Daryl Kevin "Razor" Reaugh (pronounced "Ray") (born February 13, 1965) is a retired professional ice hockey goaltender and now a broadcaster for the Dallas Stars of the National Hockey League (NHL), NHL on NBC and Hockey Night in Canada. He played 27 games in the NHL for the Edmonton Oilers and Hartford Whalers between 1985 and 1991.

Biography

Playing career
Reaugh played for the Kamloops Blazers of the Western Hockey League where he was an All-Star goaltender. In the 1984 NHL Entry Draft the Edmonton Oilers selected Reaugh with the 42nd pick. He played a handful of games with the Oilers, but spent the majority of his six years in the organization in the American Hockey League.

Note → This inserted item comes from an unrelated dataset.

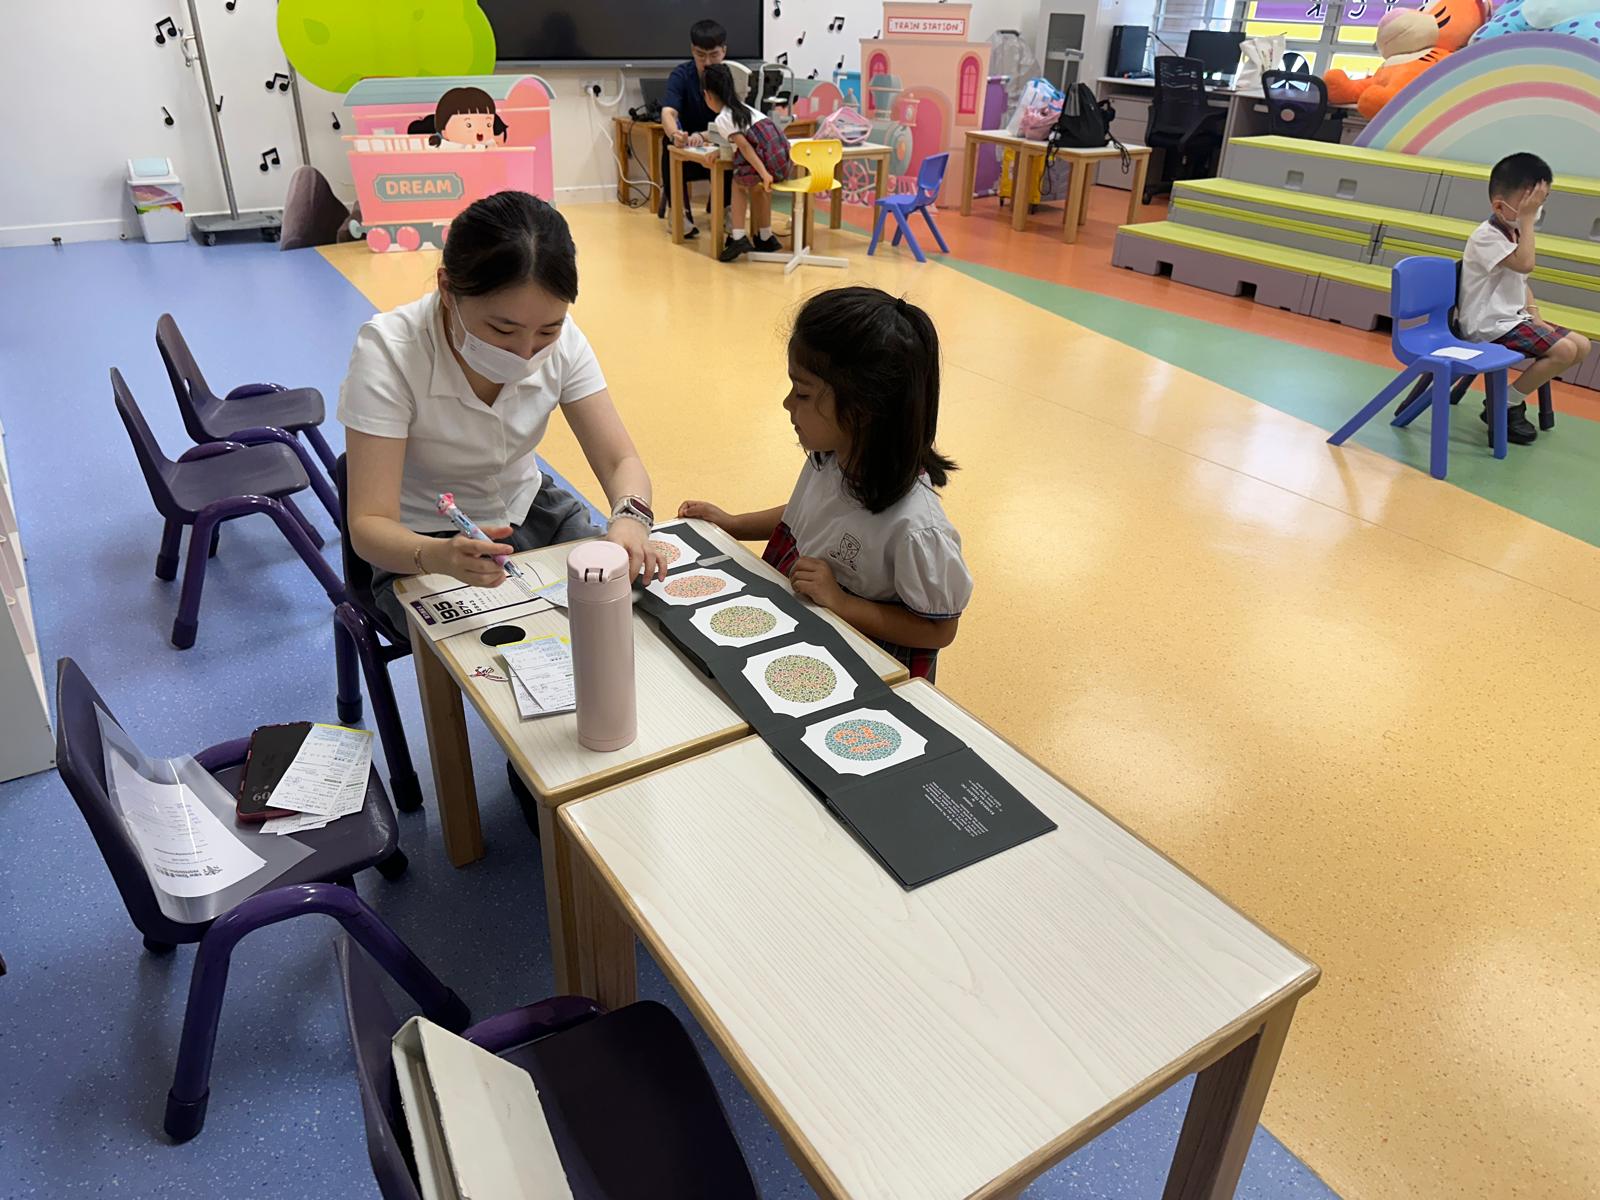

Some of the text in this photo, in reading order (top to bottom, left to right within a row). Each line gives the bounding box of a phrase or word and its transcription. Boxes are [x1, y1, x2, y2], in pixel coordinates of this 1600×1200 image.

[894, 21, 959, 32] TRAIN STATION
[385, 179, 452, 195] DREAM

He does have a Stanley Cup ring, and is on the 1988 Edmonton Oilers team pictures, but Edmonton chose not to include his name on the Cup, even though he dressed for 60 regular season games, playing only 6 of them. Reaugh played in Finland's SM-liiga during the 1988–89 season.

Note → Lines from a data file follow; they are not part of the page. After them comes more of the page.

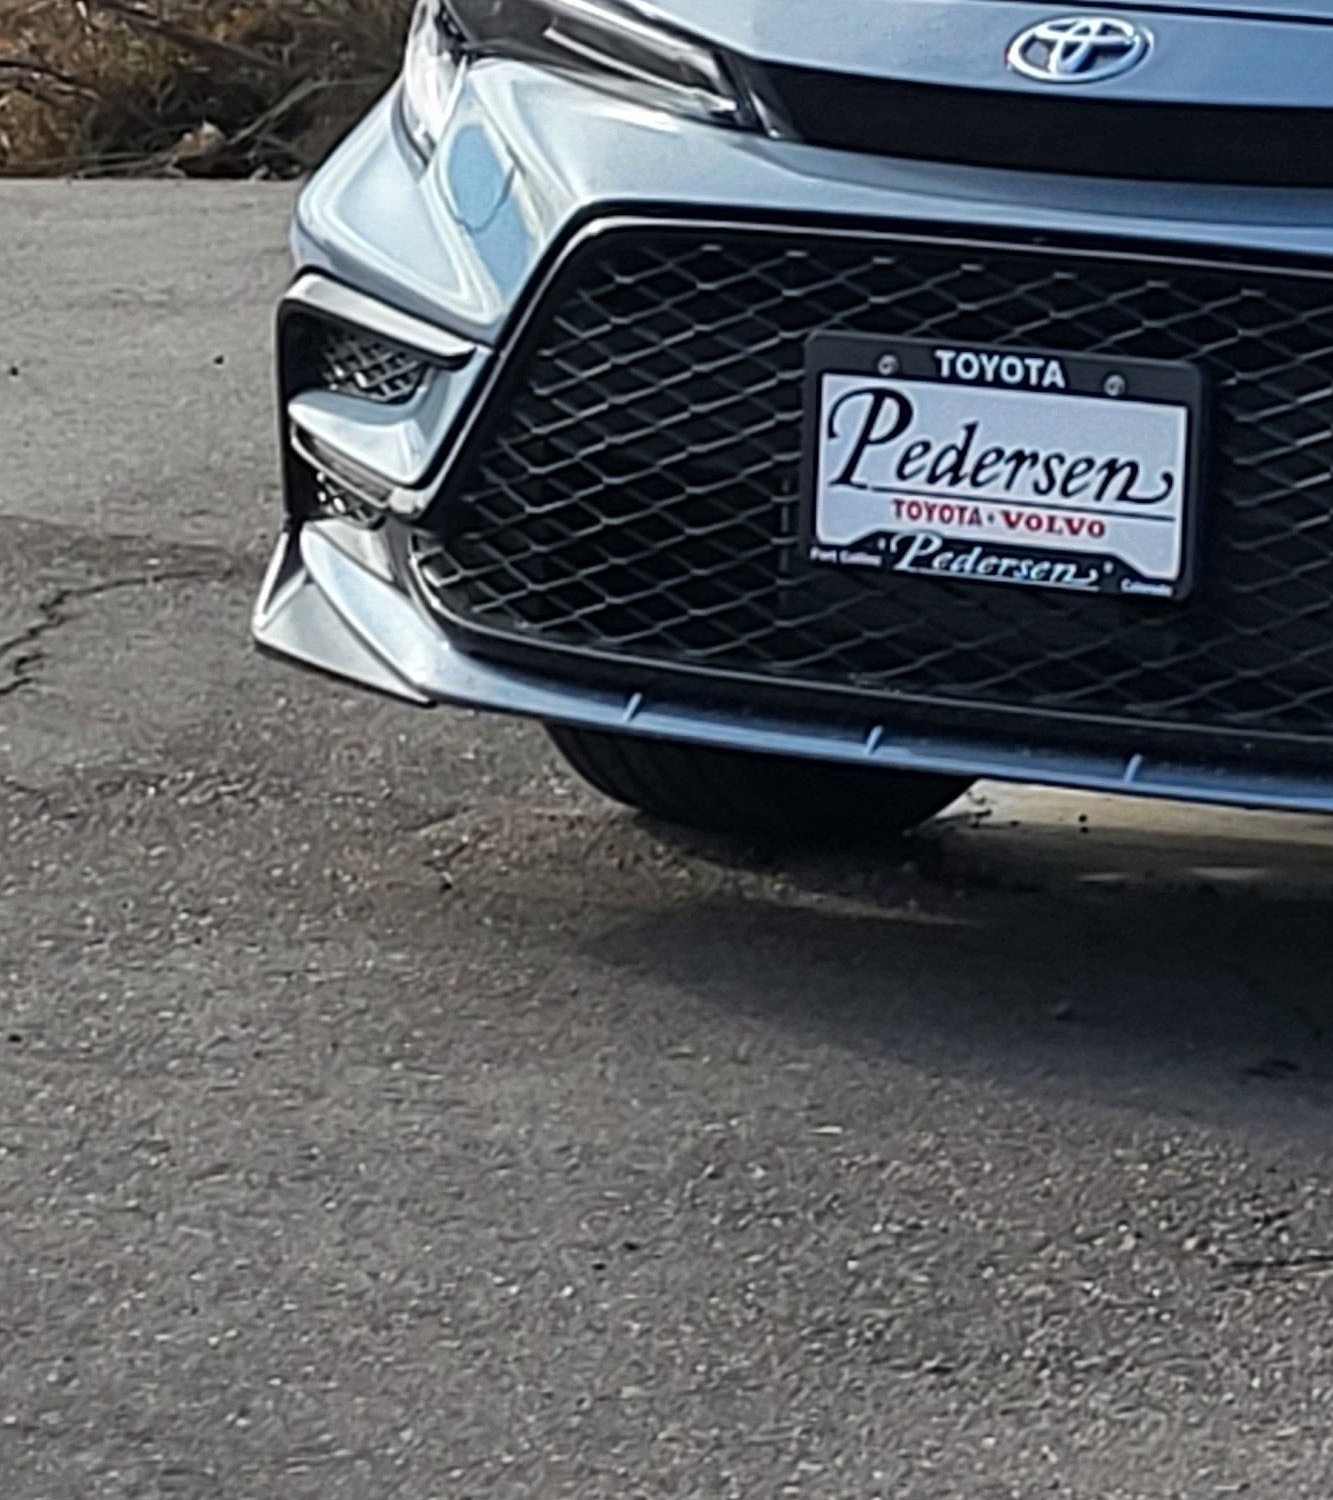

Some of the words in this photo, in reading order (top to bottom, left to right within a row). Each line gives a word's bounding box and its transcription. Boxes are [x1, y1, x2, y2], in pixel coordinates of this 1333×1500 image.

[934, 349, 1066, 388] TOYOTA
[827, 386, 1174, 506] Pedersen
[892, 498, 983, 527] TOYOTA
[1001, 509, 1106, 539] VOLVO
[889, 530, 1099, 588] Pedersen

Reaugh joined the Hartford Whalers in 1990 and played over 1000 minutes, posting a 7–7–1 record and a 3.15 goals against average. His season was cut short after an injury sustained in his 20th appearance. While playing a puck in net, a skate from one of the other players on the ice ran over Reaugh's glove, severely cutting his hand. A hamstring injury would make the 1993–94 season with the Dayton Bombers of the ECHL his last, cutting his promising career short at the age of 28.

Broadcasting
Prior to his work with the Stars, Reaugh first appeared as a regular in 1991 on the American Hockey League-produced weekly series Rinkside, partnered with fellow goaltender Jim Ralph, and was also a color commentator for the Hartford Whalers during the 1995–96 NHL season. Reaugh has also done work with ABC, ESPN, Fox, Versus, and NBC broadcasts of regular season and playoff NHL games, and provided the color commentary in the EA Sports video games NHL '98 and NHL '99.

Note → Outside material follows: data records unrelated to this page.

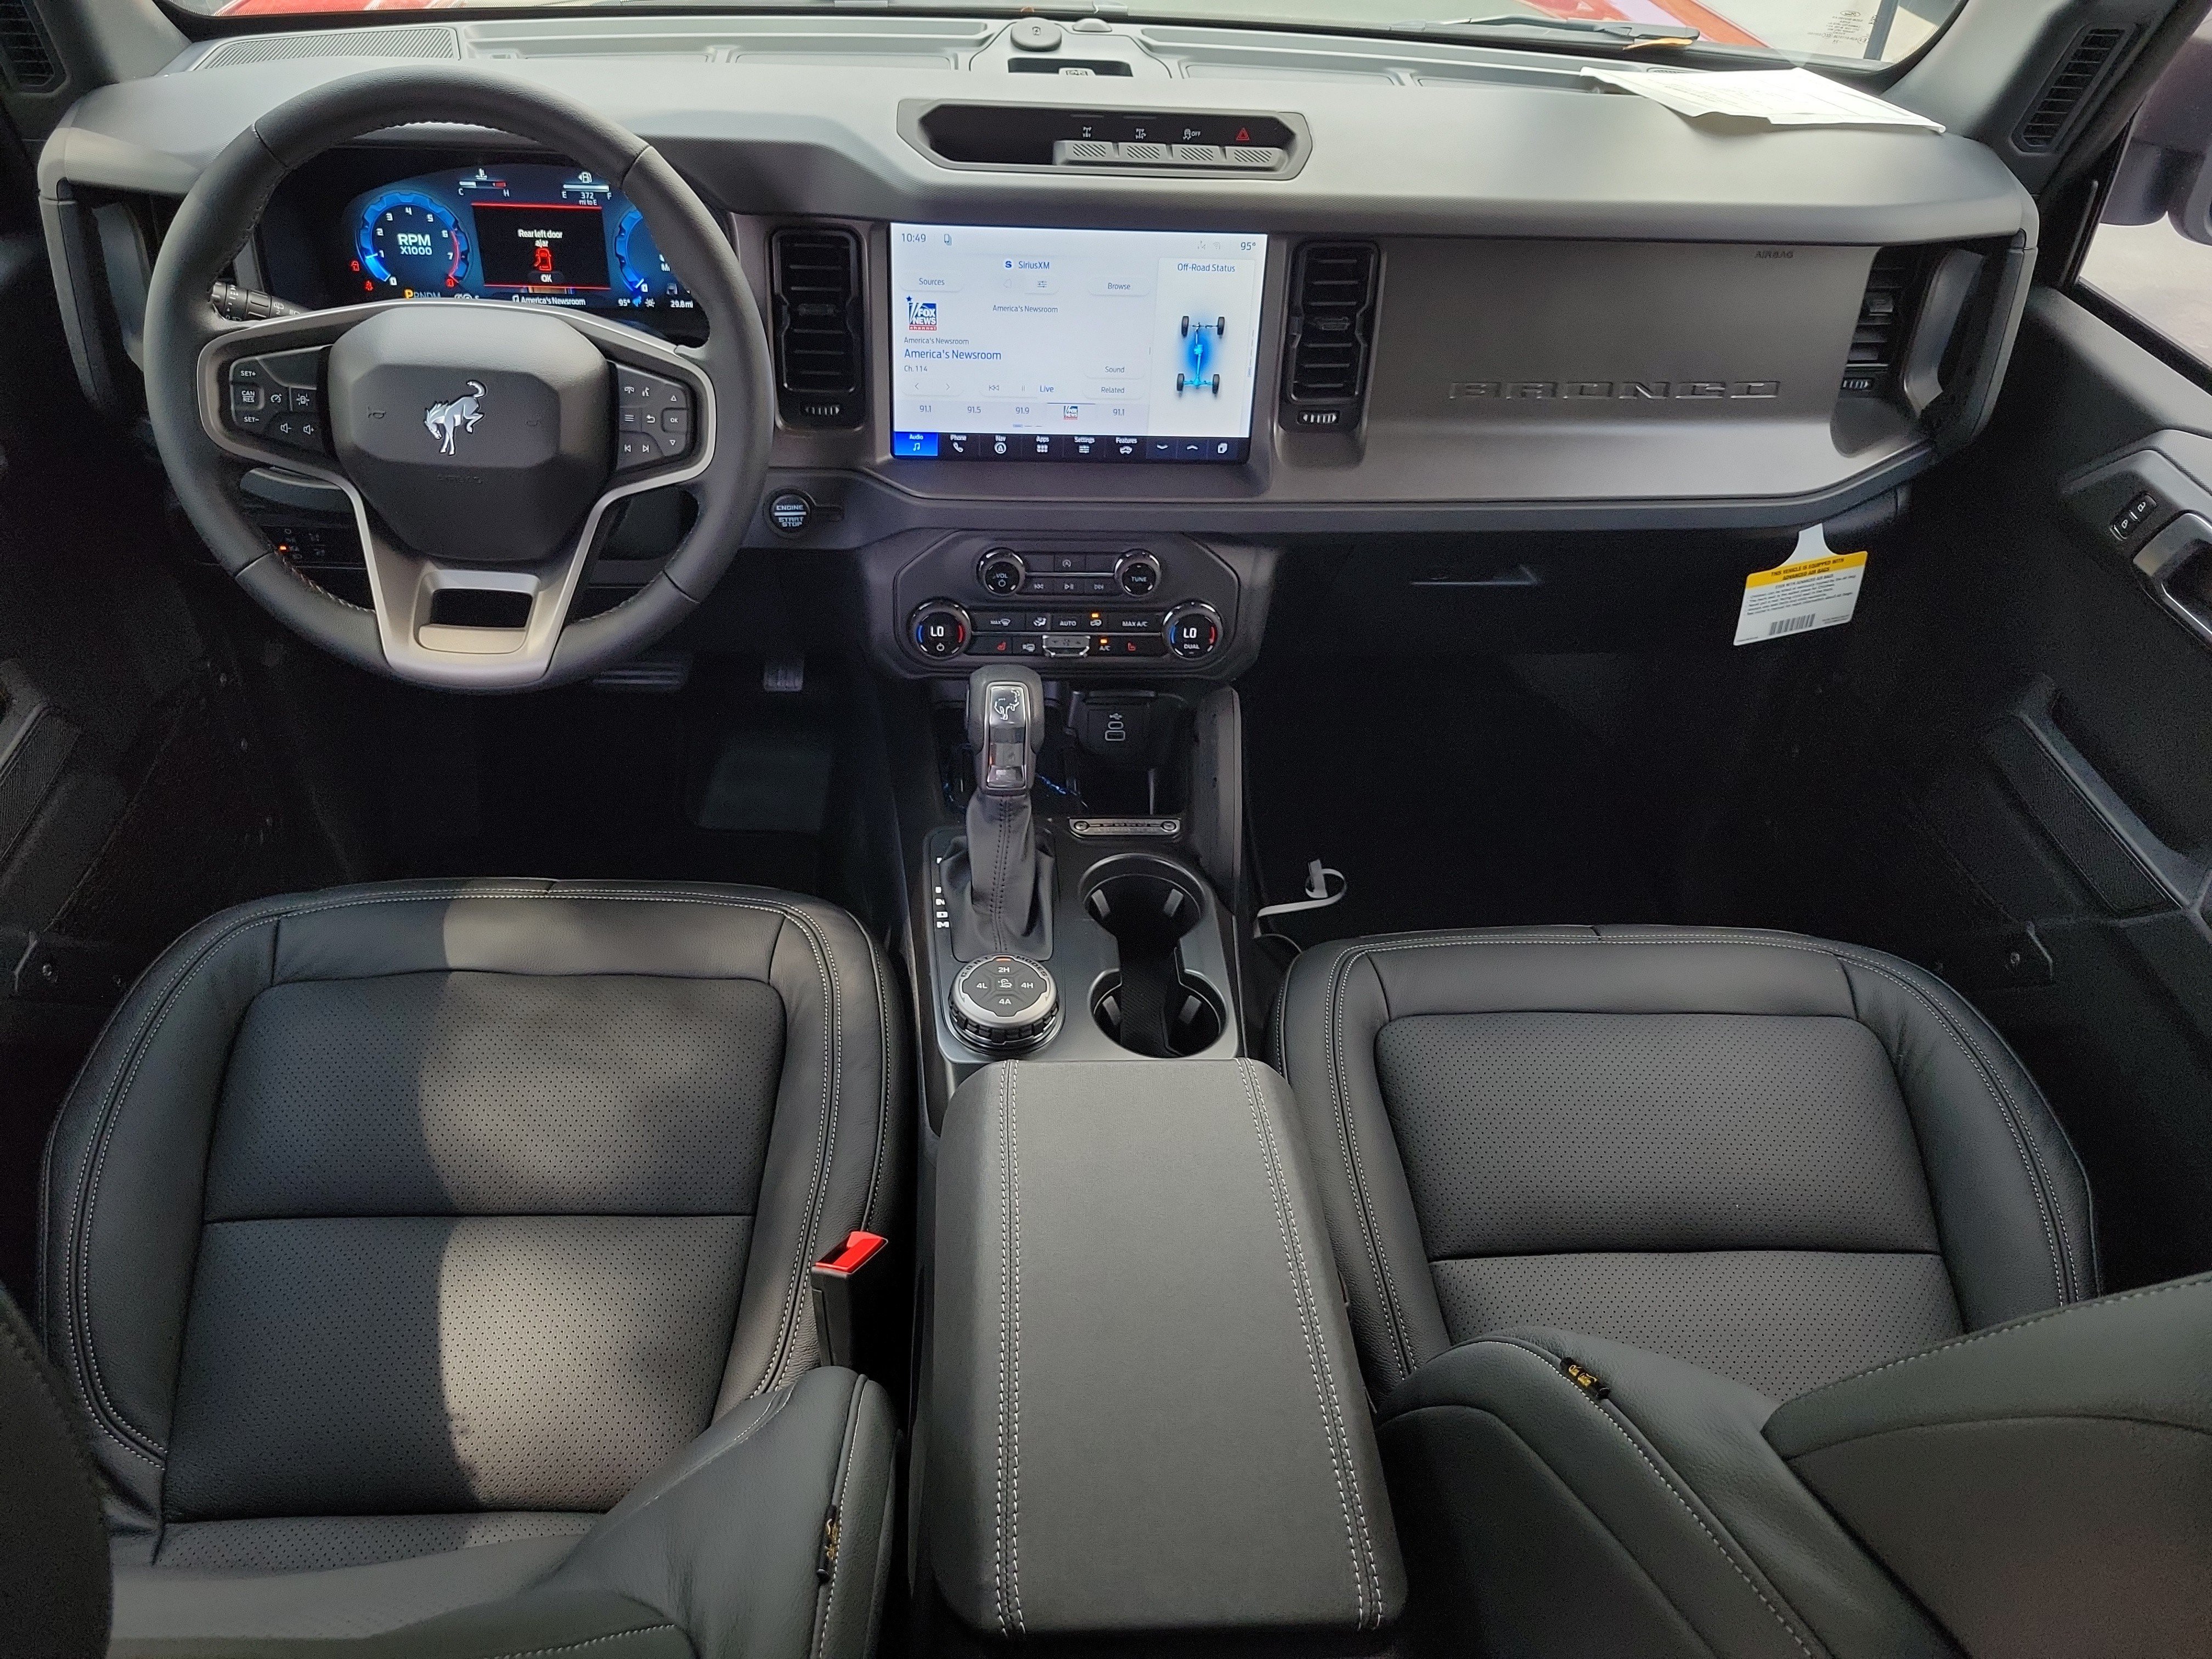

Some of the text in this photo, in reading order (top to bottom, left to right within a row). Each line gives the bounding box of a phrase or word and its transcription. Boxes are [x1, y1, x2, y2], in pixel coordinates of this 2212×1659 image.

[503, 189, 510, 197] H
[405, 207, 412, 215] 4
[386, 212, 393, 221] 3
[427, 213, 433, 222] 5
[376, 228, 383, 236] 2
[441, 230, 448, 238] 6
[517, 229, 563, 239] Rear left door
[397, 233, 431, 246] RPM
[901, 233, 927, 242] 10:49
[535, 239, 549, 248] ajar
[1240, 241, 1256, 250] 95°
[379, 250, 385, 258] 1
[400, 246, 432, 255] X1000
[447, 252, 454, 260] 7
[1018, 261, 1050, 269] SiriusXM
[1177, 263, 1235, 272] Off-Road Status
[390, 276, 397, 286] 0
[540, 274, 552, 283] OK
[918, 278, 945, 286] Sources
[641, 283, 648, 292] 0
[521, 296, 586, 306] America's Newsroom
[918, 308, 936, 317] FOX
[992, 304, 1024, 313] America's
[904, 349, 1001, 360] America's Newsroom
[1040, 385, 1054, 393] Live
[1449, 381, 1781, 399] BRONCO
[930, 625, 944, 637] LO
[1183, 628, 1197, 639] LO
[1017, 956, 1047, 976] MODES

In 1996, Reaugh joined Stars' play-by-play announcer Ralph Strangis to form the highly popular "Ralph and Razor" duo. In August 2012, Ralph and Razor were ranked the #1 broadcasting duo in the NHL by hockeybuzz.com.

Starting with the 2011–12 NHL season, Reaugh began to broadcast Western Conference games on Hockey Night in Canada in addition to his role as the Dallas Stars color commentator.

As the Stars' color commentator he is known for his deep vocabulary of descriptive words that he uses with almost comedic timing. His most frequent is "larceny", used when a goalie makes a spectacular save.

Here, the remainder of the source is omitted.